Exercise objective
Could you retype the records word for word but without any pictures?

Supplied information
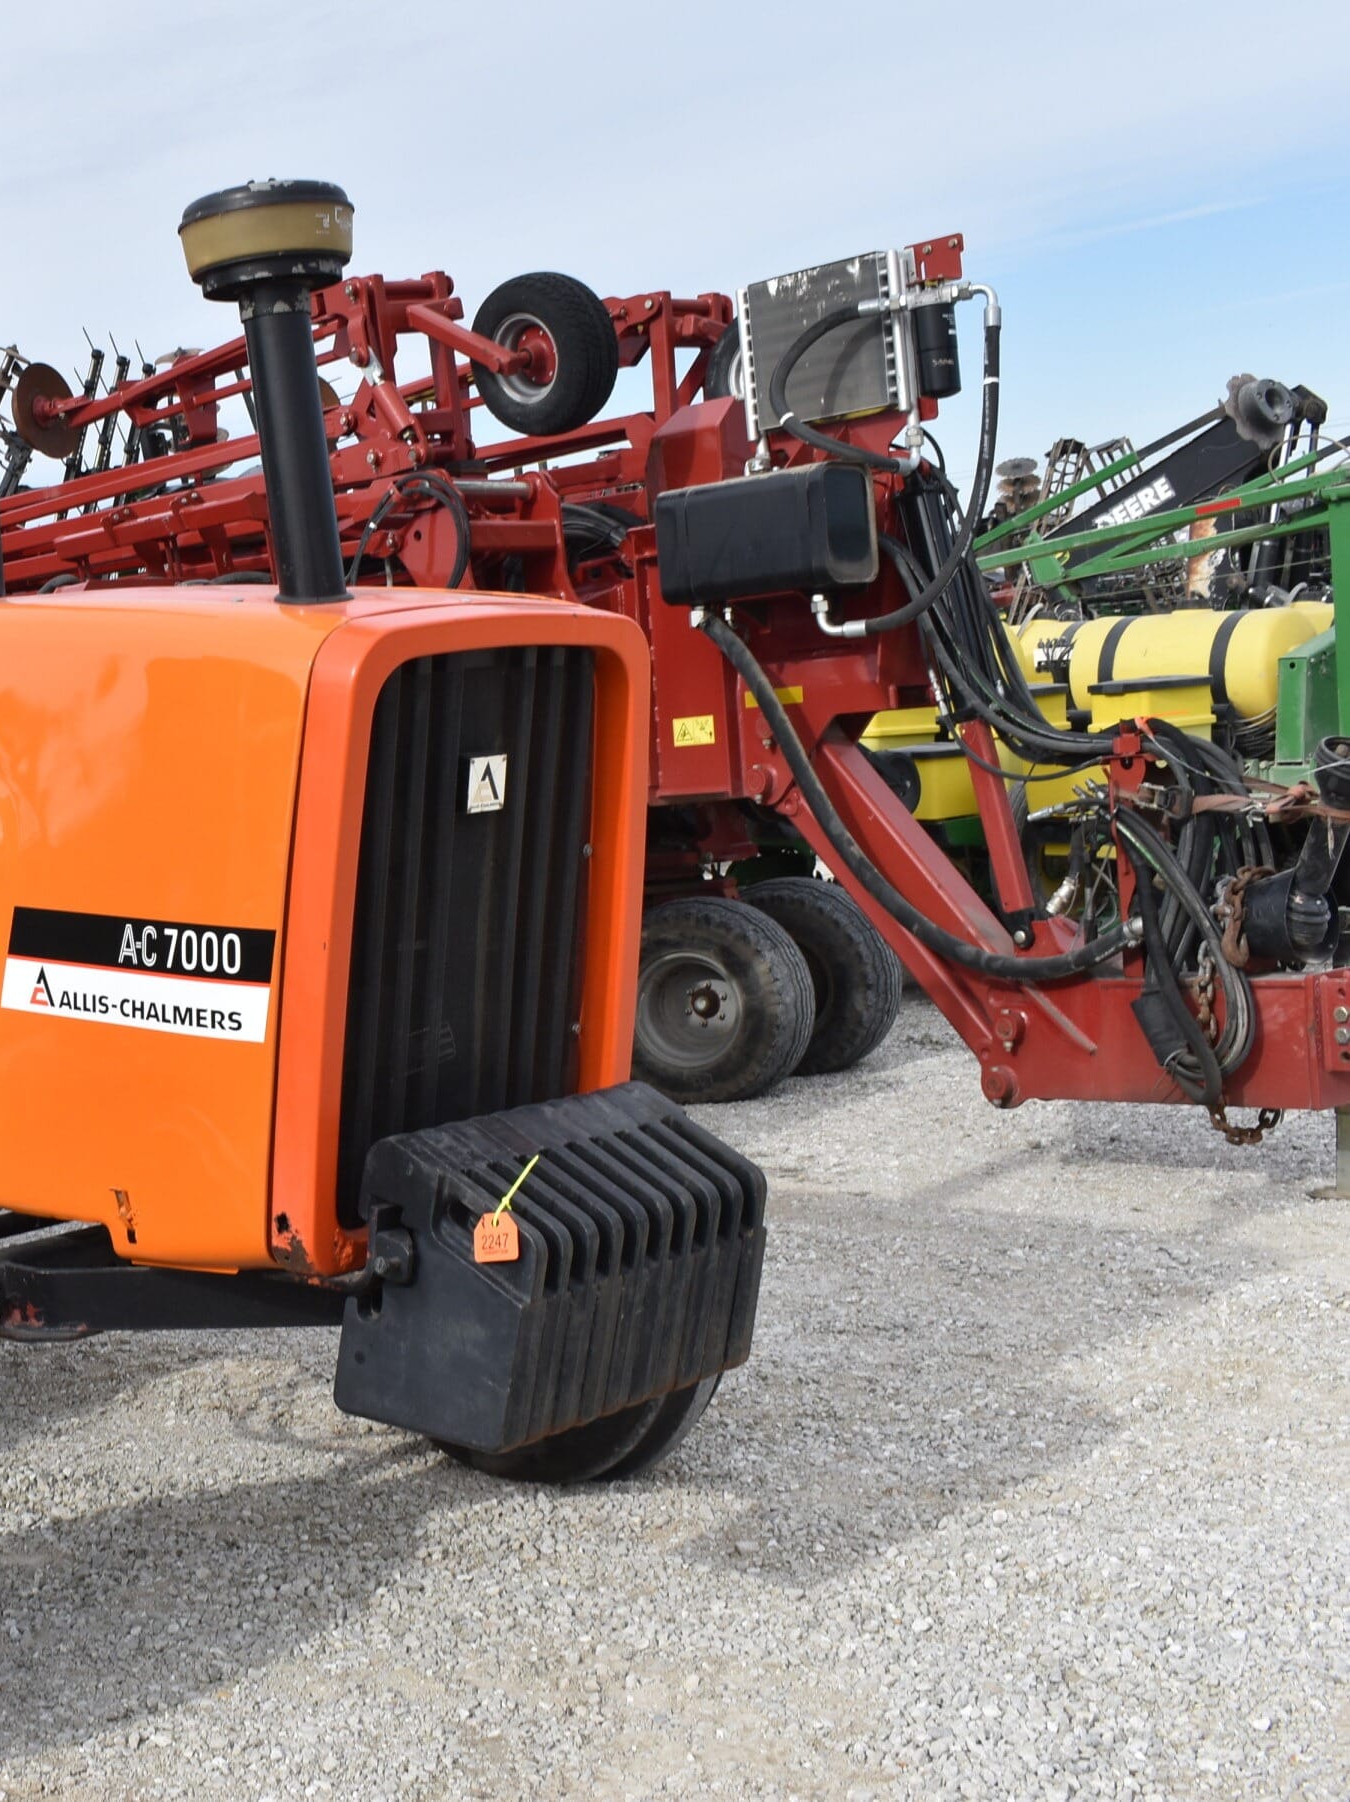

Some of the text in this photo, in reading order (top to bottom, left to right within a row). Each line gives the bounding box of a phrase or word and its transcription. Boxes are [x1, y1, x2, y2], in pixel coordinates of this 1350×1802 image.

[118, 923, 241, 975] A-C 7000
[59, 990, 243, 1031] ALLIS-CHALMERS
[481, 1232, 509, 1250] 2247
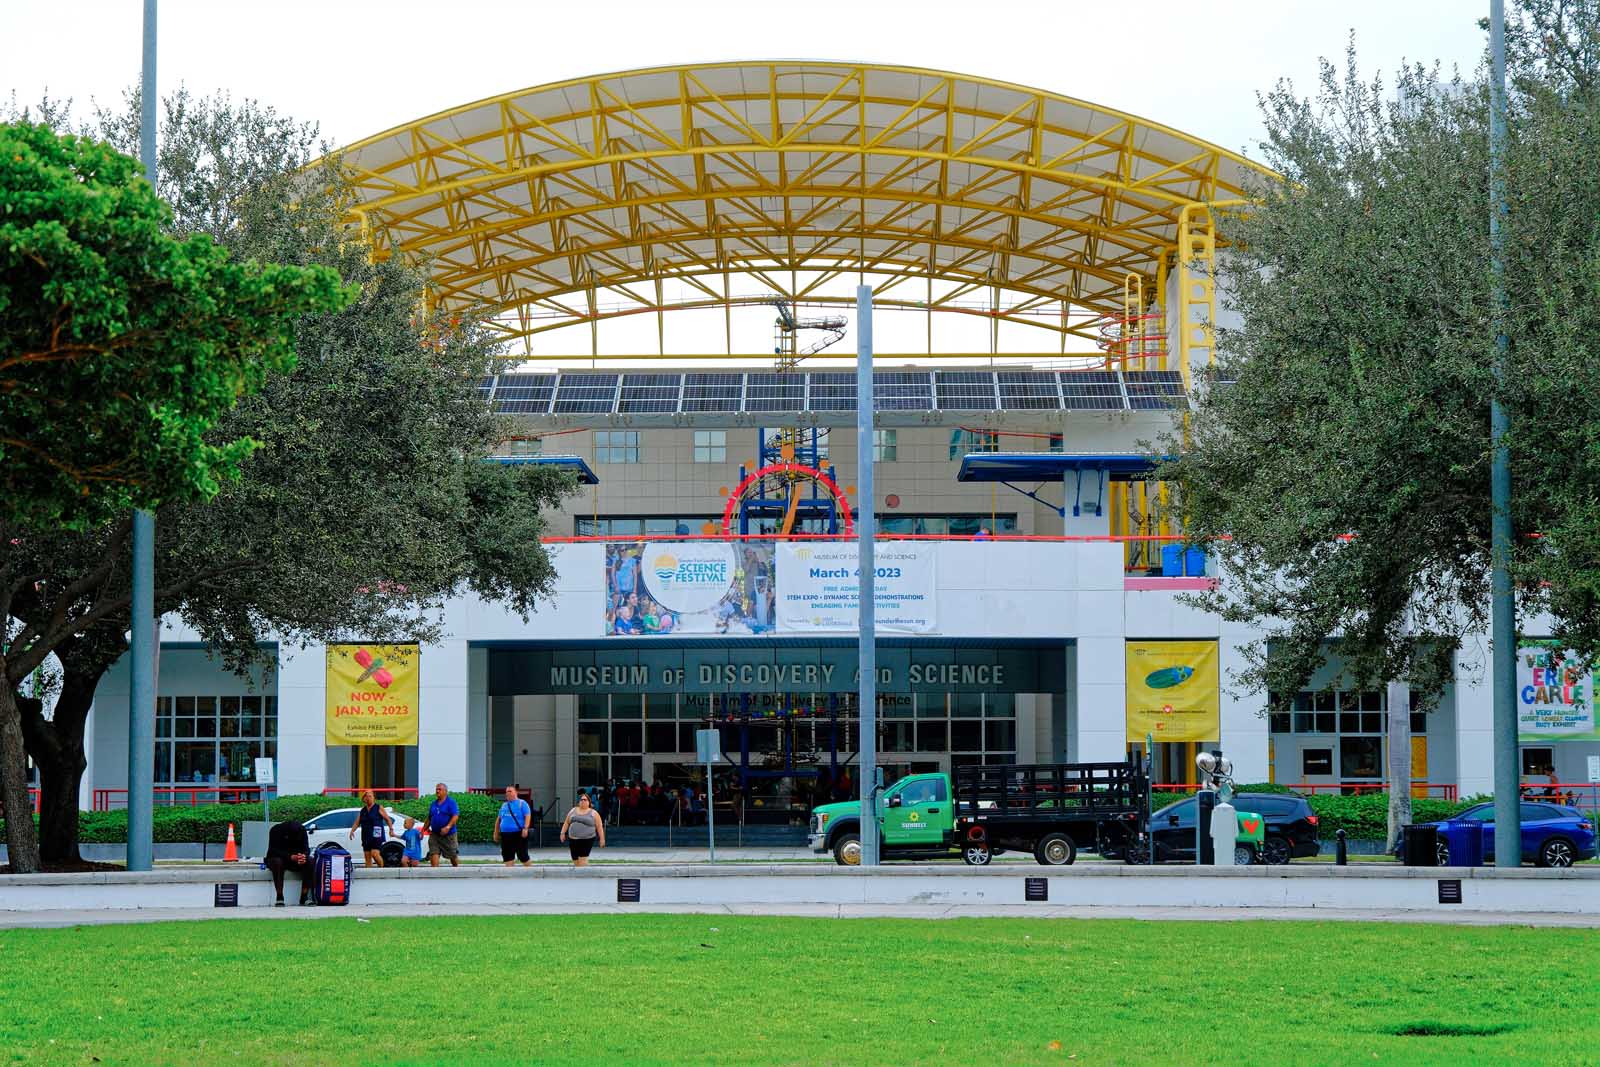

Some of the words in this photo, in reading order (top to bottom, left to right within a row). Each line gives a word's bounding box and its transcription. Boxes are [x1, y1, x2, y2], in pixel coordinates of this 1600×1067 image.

[679, 563, 726, 573] SCIENCE
[809, 567, 849, 578] March
[675, 573, 726, 582] FESTIVAL
[551, 666, 649, 686] MUSEUM
[662, 669, 686, 685] OF
[699, 664, 835, 685] DISCOVERY
[909, 664, 1004, 685] SCIENCE
[1533, 667, 1578, 687] ERIC
[351, 691, 386, 702] NOW
[1521, 684, 1584, 705] CARLE
[335, 705, 364, 717] JAN.
[367, 705, 378, 716] 9,
[382, 705, 409, 715] 2023
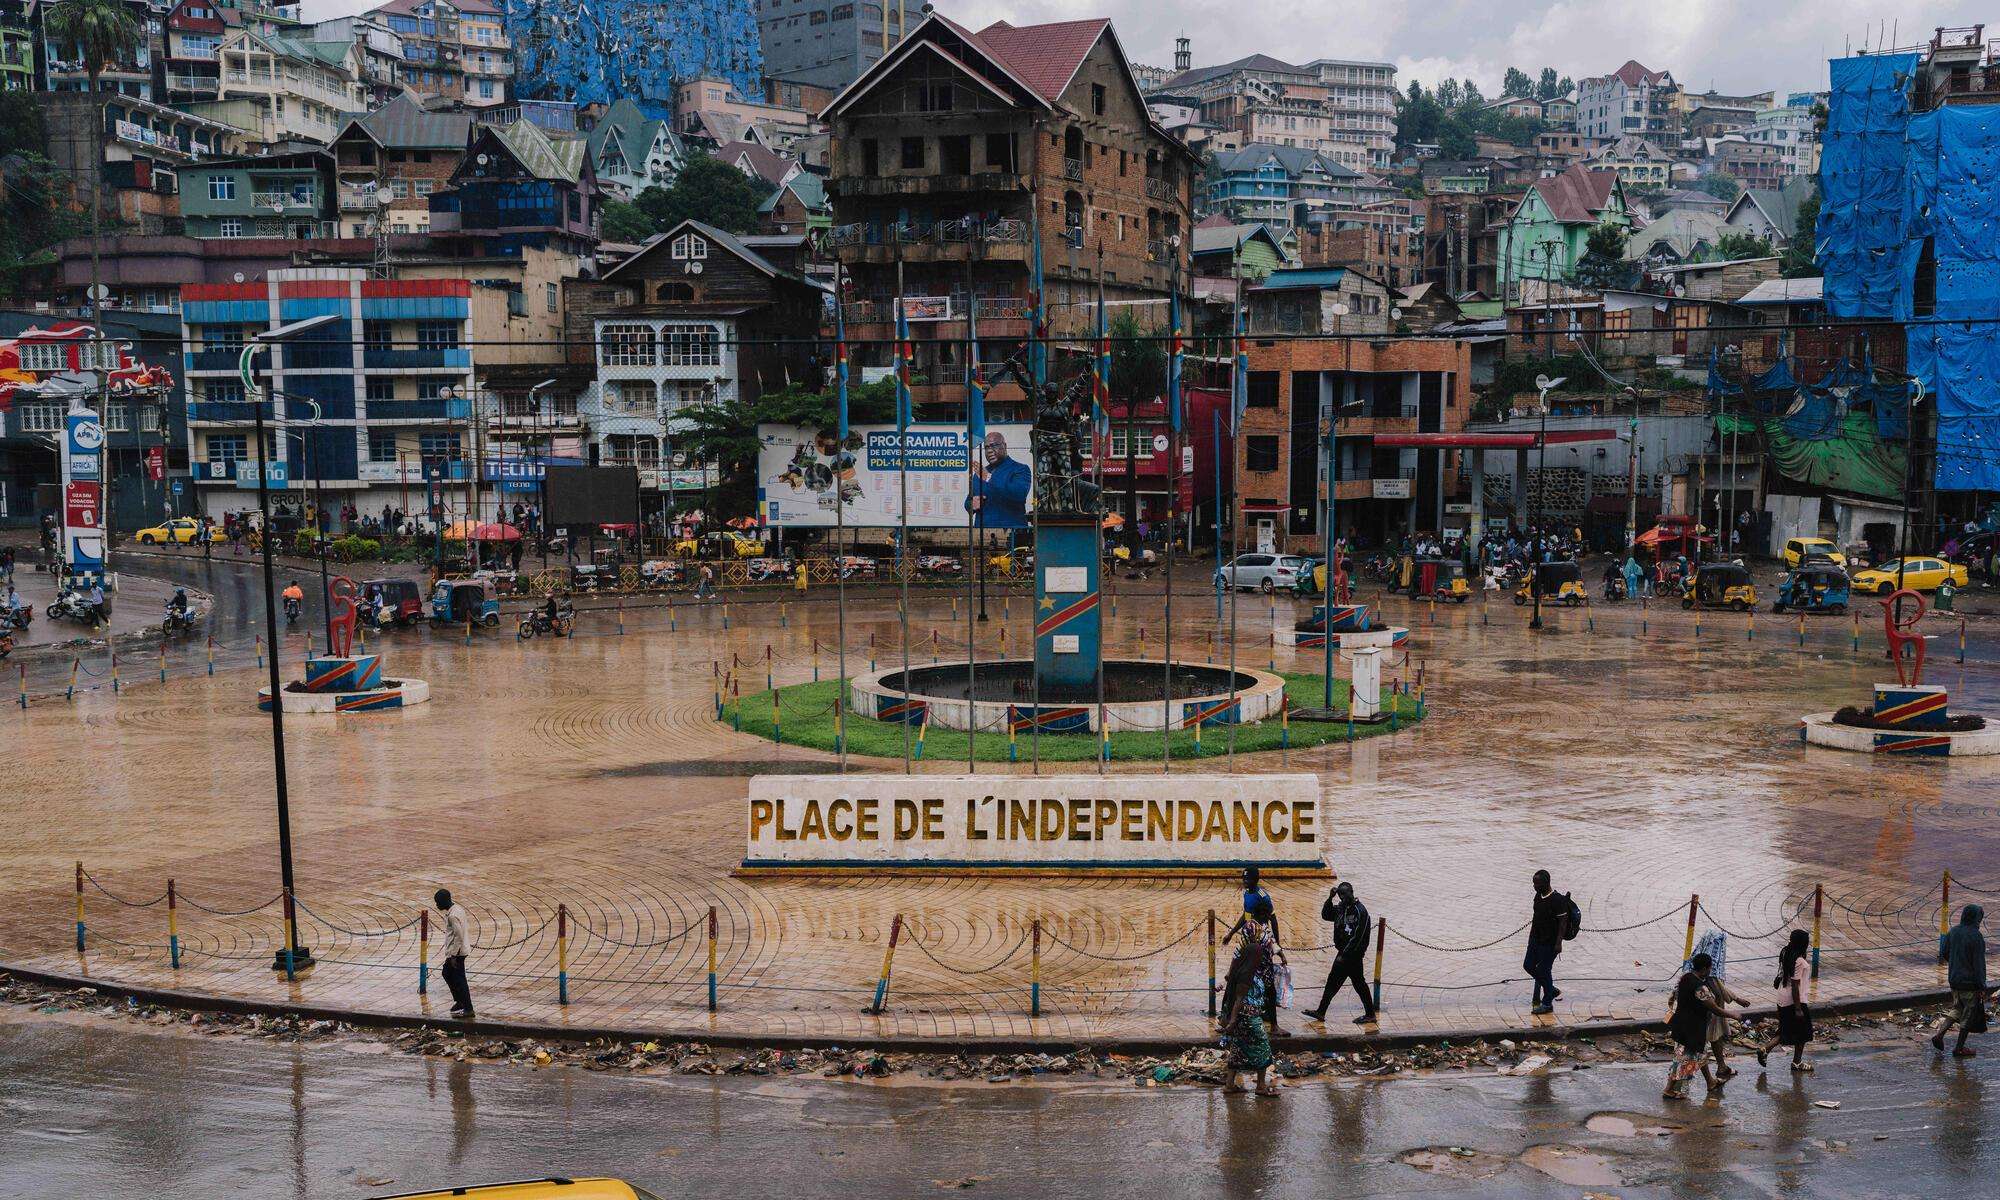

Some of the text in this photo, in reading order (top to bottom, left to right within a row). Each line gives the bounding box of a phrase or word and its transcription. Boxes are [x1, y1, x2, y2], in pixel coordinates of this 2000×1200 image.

[486, 462, 546, 476] TECNO
[870, 458, 966, 467] PDL-14 TERRITOIRES
[750, 799, 879, 842] PLACE
[893, 799, 946, 841] DE

Task answer
Some of the text in this photo, in reading order (top to bottom, left to right within a row). Each line gives the bounding box of a phrase or word and its transcription. Boxes are [x1, y1, x2, y2], in pixel coordinates of this 1350×1802 image.

[118, 923, 241, 975] A-C 7000
[59, 990, 243, 1031] ALLIS-CHALMERS
[481, 1232, 509, 1250] 2247

Some of the words in this photo, in reading order (top to bottom, left to right within a row). Each line gives a word's bounding box and its transcription. Boxes are [x1, y1, x2, y2], in pixel coordinates of this 1600×1067 image.

[679, 563, 726, 573] SCIENCE
[809, 567, 849, 578] March
[675, 573, 726, 582] FESTIVAL
[551, 666, 649, 686] MUSEUM
[662, 669, 686, 685] OF
[699, 664, 835, 685] DISCOVERY
[909, 664, 1004, 685] SCIENCE
[1533, 667, 1578, 687] ERIC
[351, 691, 386, 702] NOW
[1521, 684, 1584, 705] CARLE
[335, 705, 364, 717] JAN.
[367, 705, 378, 716] 9,
[382, 705, 409, 715] 2023

Some of the text in this photo, in reading order (top to bottom, left to right within a row). Each line gives the bounding box of a phrase or word and its transcription. Boxes are [x1, y1, x2, y2], in pixel coordinates of this 2000×1200 image.

[486, 462, 546, 476] TECNO
[870, 458, 966, 467] PDL-14 TERRITOIRES
[750, 799, 879, 842] PLACE
[893, 799, 946, 841] DE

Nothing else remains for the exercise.